╭─ Records to use

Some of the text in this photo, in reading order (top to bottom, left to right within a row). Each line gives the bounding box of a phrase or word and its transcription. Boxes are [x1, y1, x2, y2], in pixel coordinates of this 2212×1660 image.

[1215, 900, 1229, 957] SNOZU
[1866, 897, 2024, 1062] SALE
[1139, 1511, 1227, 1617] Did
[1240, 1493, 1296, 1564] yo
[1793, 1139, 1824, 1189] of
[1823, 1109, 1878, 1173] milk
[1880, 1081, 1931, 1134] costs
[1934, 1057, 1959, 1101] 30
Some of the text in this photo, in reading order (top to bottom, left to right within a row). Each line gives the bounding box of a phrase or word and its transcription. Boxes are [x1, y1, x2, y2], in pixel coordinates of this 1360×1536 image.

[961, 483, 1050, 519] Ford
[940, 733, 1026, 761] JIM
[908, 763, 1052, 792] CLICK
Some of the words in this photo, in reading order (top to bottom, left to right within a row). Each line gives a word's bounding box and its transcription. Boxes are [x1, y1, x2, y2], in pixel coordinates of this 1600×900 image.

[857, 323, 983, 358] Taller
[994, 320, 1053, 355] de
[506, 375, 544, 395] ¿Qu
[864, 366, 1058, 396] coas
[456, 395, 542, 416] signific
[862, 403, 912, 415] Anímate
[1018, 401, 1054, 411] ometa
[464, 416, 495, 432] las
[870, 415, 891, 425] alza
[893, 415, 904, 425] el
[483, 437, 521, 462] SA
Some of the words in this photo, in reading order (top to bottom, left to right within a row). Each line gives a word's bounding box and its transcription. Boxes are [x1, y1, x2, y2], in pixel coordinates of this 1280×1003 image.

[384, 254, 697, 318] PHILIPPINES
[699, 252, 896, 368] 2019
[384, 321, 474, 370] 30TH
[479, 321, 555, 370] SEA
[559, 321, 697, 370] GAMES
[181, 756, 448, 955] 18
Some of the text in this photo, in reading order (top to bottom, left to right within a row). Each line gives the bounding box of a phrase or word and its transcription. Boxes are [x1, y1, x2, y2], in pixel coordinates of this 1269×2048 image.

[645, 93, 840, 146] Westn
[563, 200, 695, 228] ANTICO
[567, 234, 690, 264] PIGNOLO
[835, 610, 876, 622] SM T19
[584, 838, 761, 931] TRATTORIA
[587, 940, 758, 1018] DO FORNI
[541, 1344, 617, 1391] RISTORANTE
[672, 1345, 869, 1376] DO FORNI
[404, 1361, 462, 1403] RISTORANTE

╰─

For each line in the data, set it down again exactly.

**Written answer**
Some of the text in this photo, in reading order (top to bottom, left to right within a row). Each line gives the bounding box of a phrase or word and its transcription. Boxes are [x1, y1, x2, y2], in pixel coordinates of this 2212×1660 image.

[1215, 900, 1229, 957] SNOZU
[1866, 897, 2024, 1062] SALE
[1139, 1511, 1227, 1617] Did
[1240, 1493, 1296, 1564] yo
[1793, 1139, 1824, 1189] of
[1823, 1109, 1878, 1173] milk
[1880, 1081, 1931, 1134] costs
[1934, 1057, 1959, 1101] 30
Some of the text in this photo, in reading order (top to bottom, left to right within a row). Each line gives the bounding box of a phrase or word and its transcription. Boxes are [x1, y1, x2, y2], in pixel coordinates of this 1360×1536 image.

[961, 483, 1050, 519] Ford
[940, 733, 1026, 761] JIM
[908, 763, 1052, 792] CLICK
Some of the words in this photo, in reading order (top to bottom, left to right within a row). Each line gives a word's bounding box and its transcription. Boxes are [x1, y1, x2, y2], in pixel coordinates of this 1600×900 image.

[857, 323, 983, 358] Taller
[994, 320, 1053, 355] de
[506, 375, 544, 395] ¿Qu
[864, 366, 1058, 396] coas
[456, 395, 542, 416] signific
[862, 403, 912, 415] Anímate
[1018, 401, 1054, 411] ometa
[464, 416, 495, 432] las
[870, 415, 891, 425] alza
[893, 415, 904, 425] el
[483, 437, 521, 462] SA
Some of the words in this photo, in reading order (top to bottom, left to right within a row). Each line gives a word's bounding box and its transcription. Boxes are [x1, y1, x2, y2], in pixel coordinates of this 1280×1003 image.

[384, 254, 697, 318] PHILIPPINES
[699, 252, 896, 368] 2019
[384, 321, 474, 370] 30TH
[479, 321, 555, 370] SEA
[559, 321, 697, 370] GAMES
[181, 756, 448, 955] 18
Some of the text in this photo, in reading order (top to bottom, left to right within a row). Each line gives the bounding box of a phrase or word and its transcription. Boxes are [x1, y1, x2, y2], in pixel coordinates of this 1269×2048 image.

[645, 93, 840, 146] Westn
[563, 200, 695, 228] ANTICO
[567, 234, 690, 264] PIGNOLO
[835, 610, 876, 622] SM T19
[584, 838, 761, 931] TRATTORIA
[587, 940, 758, 1018] DO FORNI
[541, 1344, 617, 1391] RISTORANTE
[672, 1345, 869, 1376] DO FORNI
[404, 1361, 462, 1403] RISTORANTE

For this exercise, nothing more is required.